**Task statement**
The records that follow are to be transcribed in full, leaving out each picture.

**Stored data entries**
**********

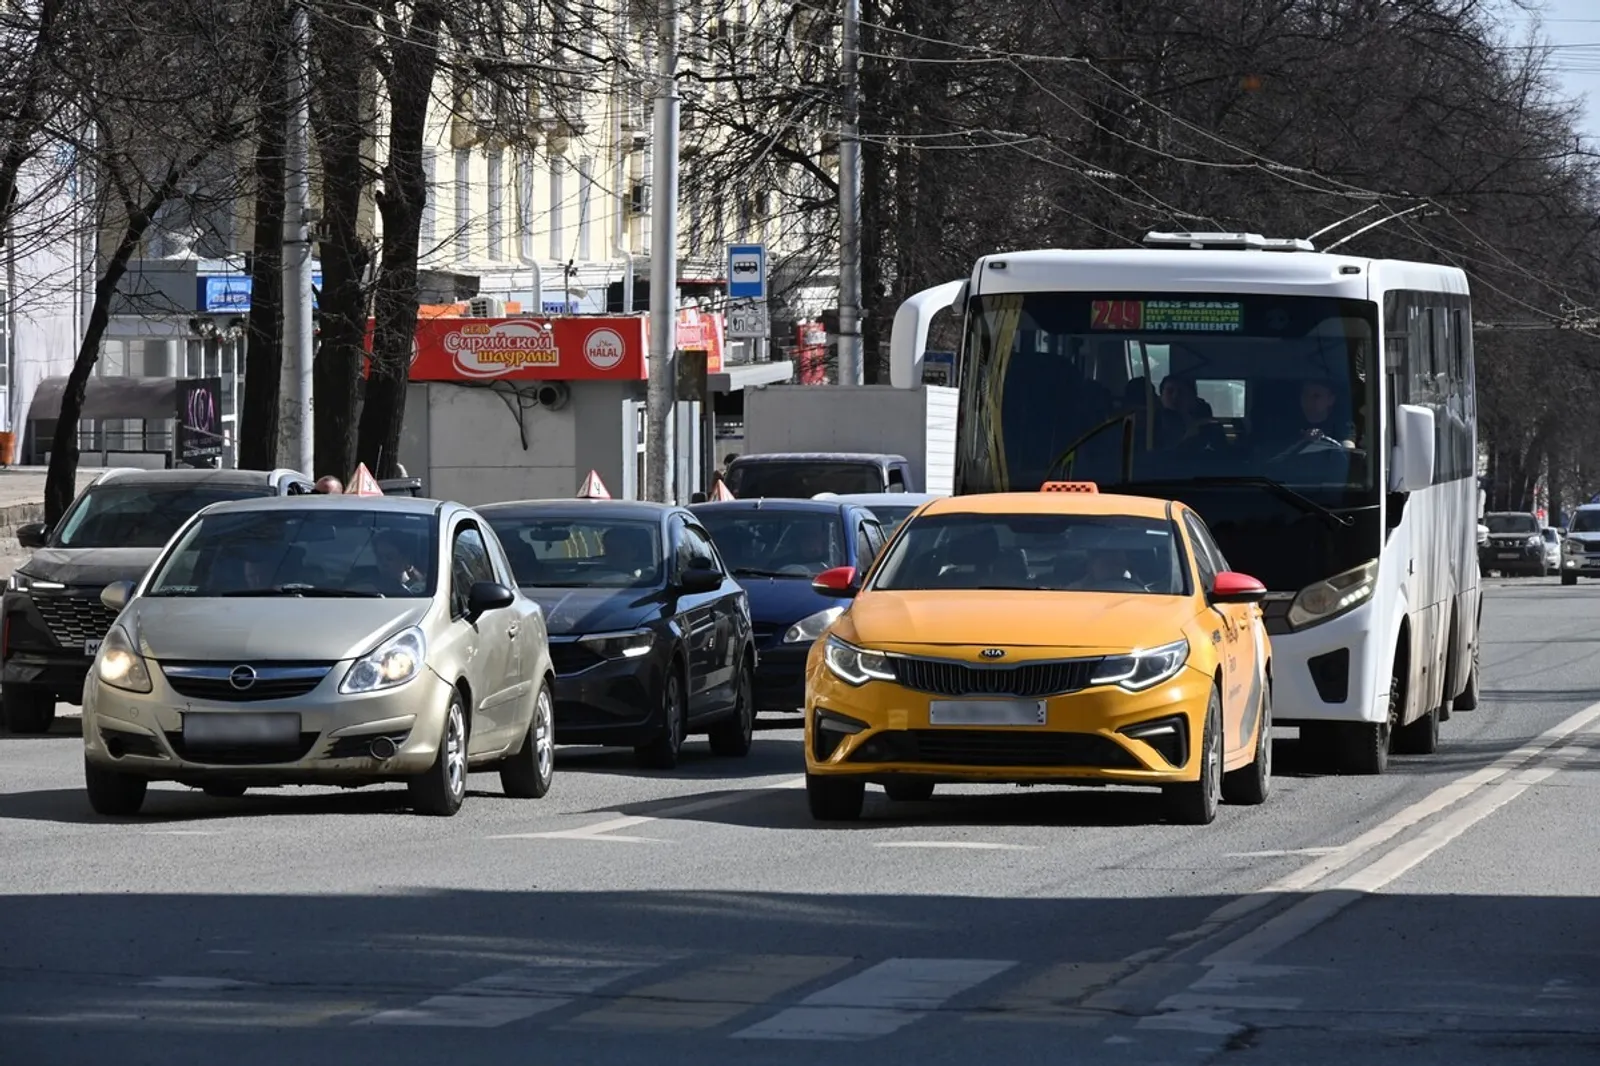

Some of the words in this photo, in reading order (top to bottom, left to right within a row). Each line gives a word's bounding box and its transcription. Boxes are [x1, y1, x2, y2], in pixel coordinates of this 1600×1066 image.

[1091, 300, 1140, 329] 249
[1146, 321, 1239, 331] БГУ-ТЕЛЕЦЕНТР
[447, 331, 550, 353] Сирийской
[478, 350, 557, 367] шаурмы
[589, 348, 619, 358] HALAL
[984, 649, 1002, 657] KIA

**********

**Finished exercise**
Some of the words in this photo, in reading order (top to bottom, left to right within a row). Each line gives a word's bounding box and its transcription. Boxes are [x1, y1, x2, y2], in pixel coordinates of this 1600×1066 image.

[1091, 300, 1140, 329] 249
[1146, 321, 1239, 331] БГУ-ТЕЛЕЦЕНТР
[447, 331, 550, 353] Сирийской
[478, 350, 557, 367] шаурмы
[589, 348, 619, 358] HALAL
[984, 649, 1002, 657] KIA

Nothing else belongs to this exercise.